**EXERCISE GOAL**
Your answer should be an exact copy of all the entries, free of pictures.
++++ AVAILABLE DATA
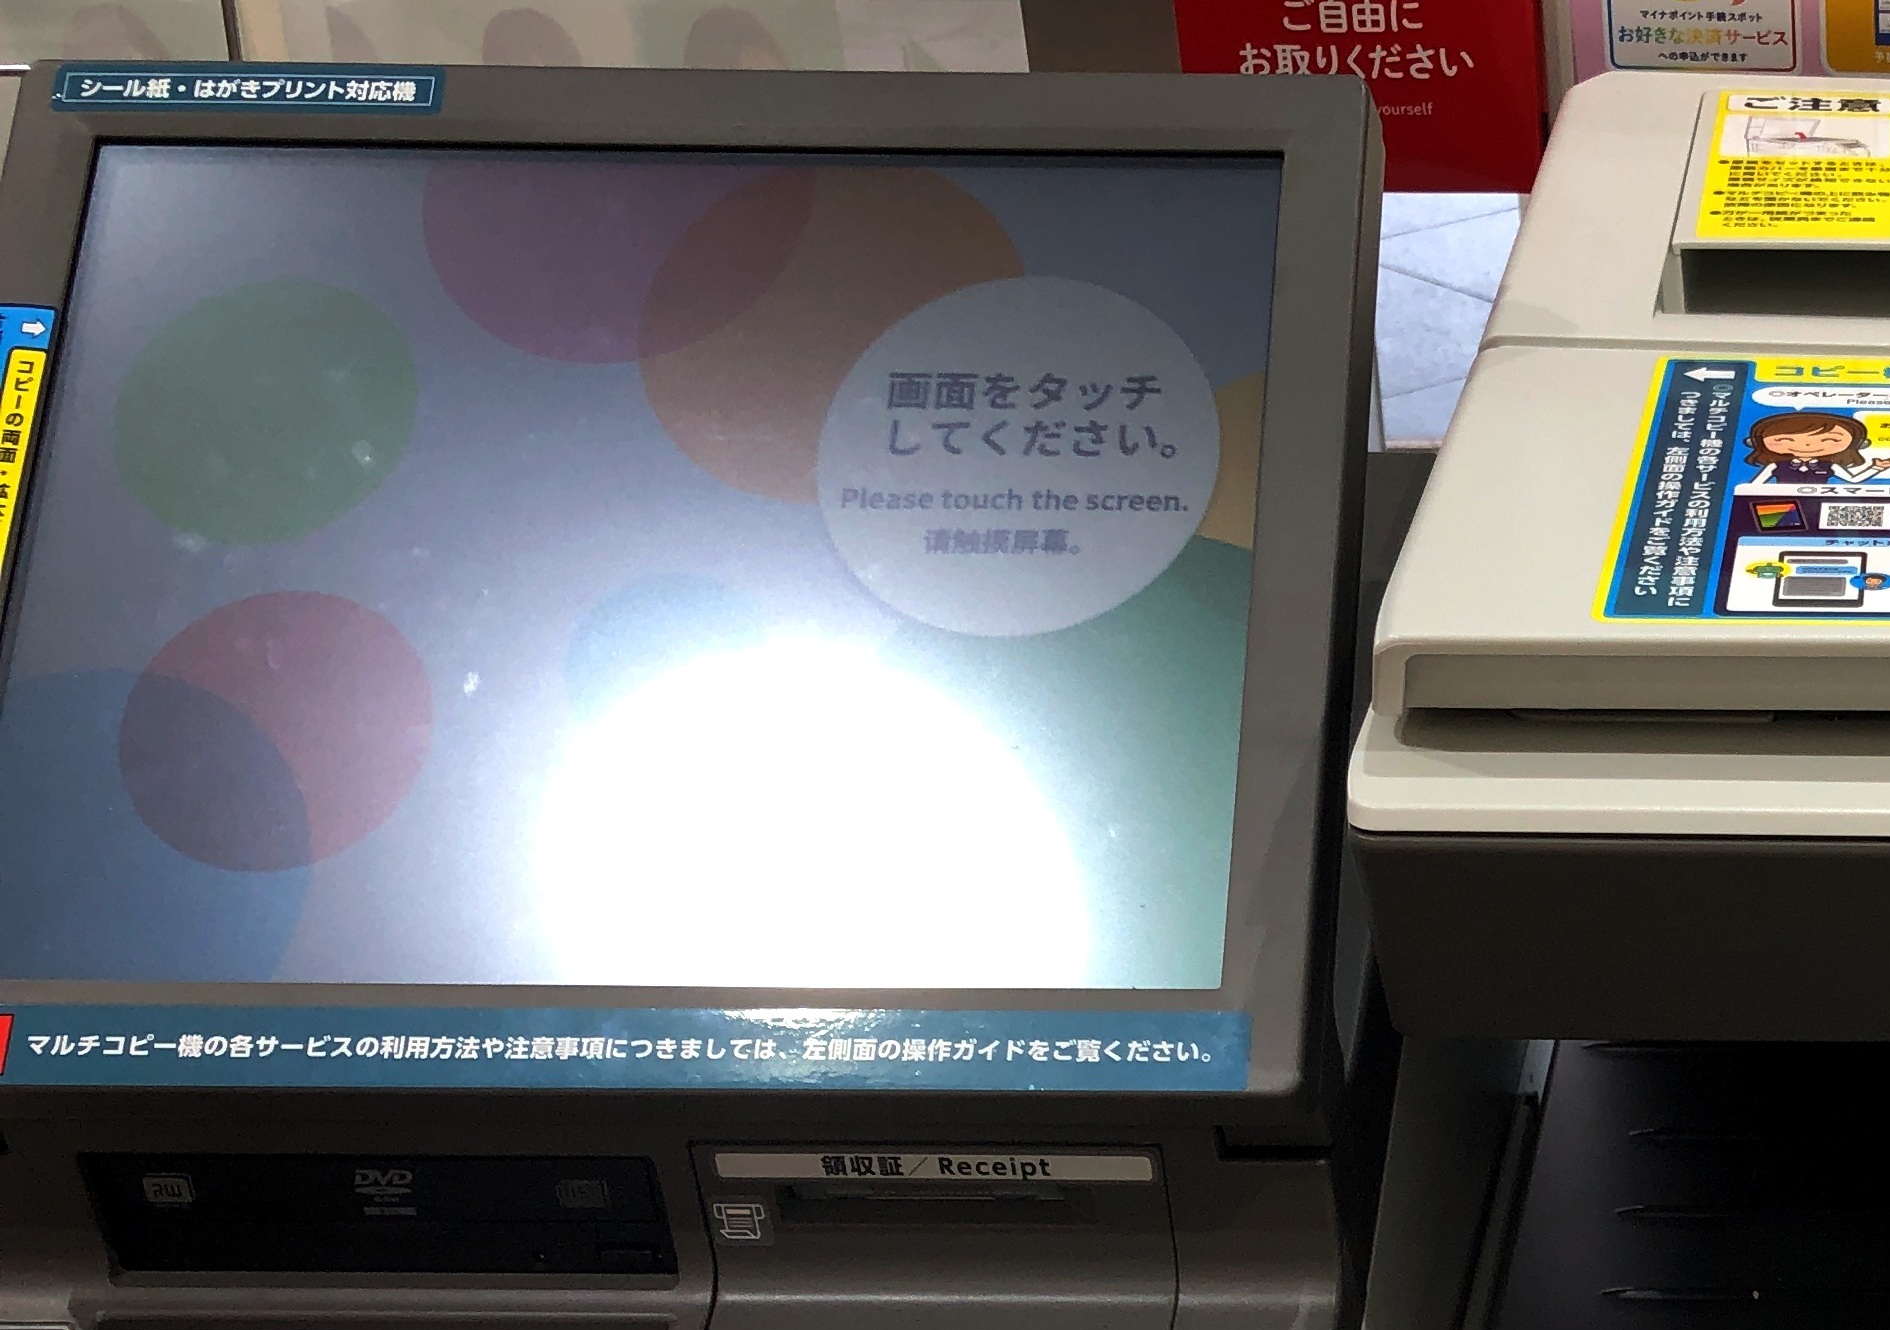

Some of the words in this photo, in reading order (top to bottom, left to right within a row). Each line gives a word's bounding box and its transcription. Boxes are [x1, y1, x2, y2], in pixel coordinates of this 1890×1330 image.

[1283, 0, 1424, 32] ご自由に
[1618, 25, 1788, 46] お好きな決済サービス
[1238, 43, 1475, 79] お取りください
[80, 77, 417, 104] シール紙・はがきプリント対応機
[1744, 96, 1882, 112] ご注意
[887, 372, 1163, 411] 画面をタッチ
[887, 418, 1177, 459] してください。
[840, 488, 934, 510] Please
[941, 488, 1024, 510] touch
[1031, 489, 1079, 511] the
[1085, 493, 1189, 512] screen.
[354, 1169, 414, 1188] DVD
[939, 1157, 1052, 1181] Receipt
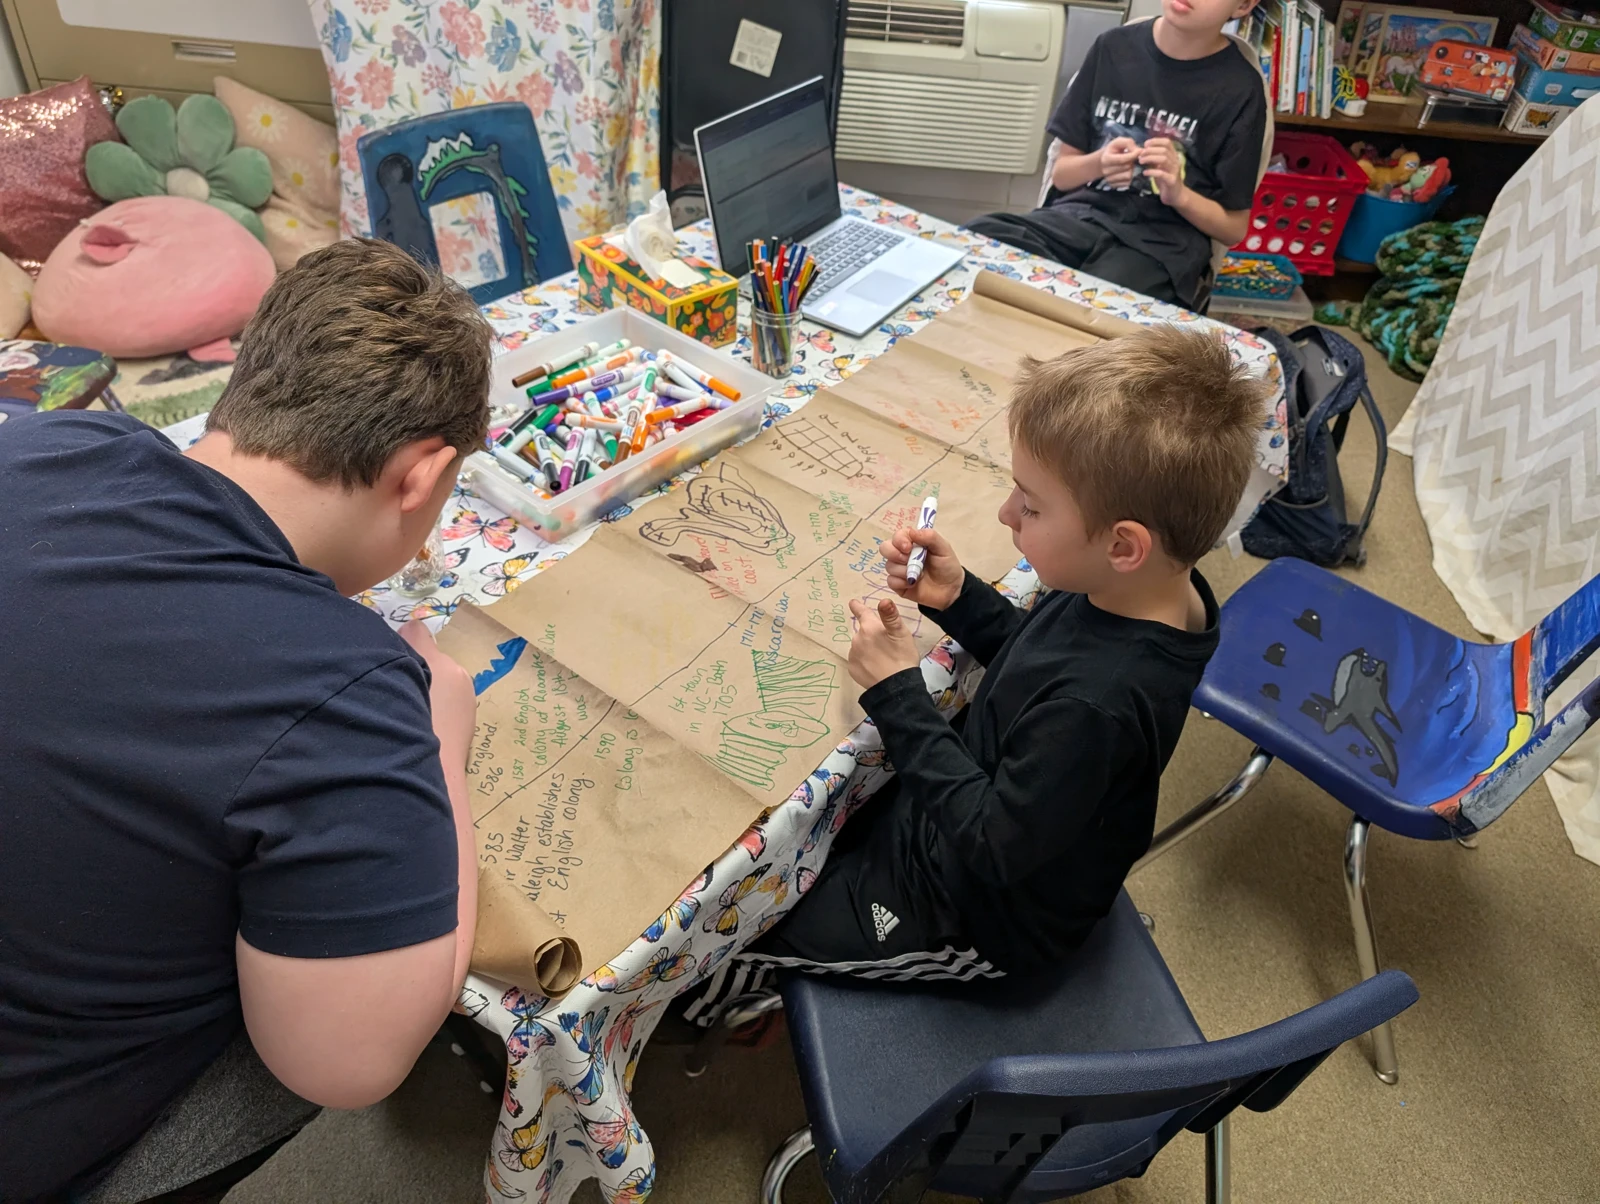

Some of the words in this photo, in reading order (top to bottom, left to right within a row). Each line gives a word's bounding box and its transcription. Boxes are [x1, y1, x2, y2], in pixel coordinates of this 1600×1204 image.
++++++++
**EXERCISE RESULT**
Some of the words in this photo, in reading order (top to bottom, left to right within a row). Each line gives a word's bounding box and its transcription. Boxes are [x1, y1, x2, y2], in pixel coordinates of this 1890×1330 image.

[1283, 0, 1424, 32] ご自由に
[1618, 25, 1788, 46] お好きな決済サービス
[1238, 43, 1475, 79] お取りください
[80, 77, 417, 104] シール紙・はがきプリント対応機
[1744, 96, 1882, 112] ご注意
[887, 372, 1163, 411] 画面をタッチ
[887, 418, 1177, 459] してください。
[840, 488, 934, 510] Please
[941, 488, 1024, 510] touch
[1031, 489, 1079, 511] the
[1085, 493, 1189, 512] screen.
[354, 1169, 414, 1188] DVD
[939, 1157, 1052, 1181] Receipt

Some of the words in this photo, in reading order (top to bottom, left to right within a row). Each line gives a word's bounding box and its transcription. Boxes are [x1, y1, x2, y2], in pixel coordinates of this 1600×1204 image.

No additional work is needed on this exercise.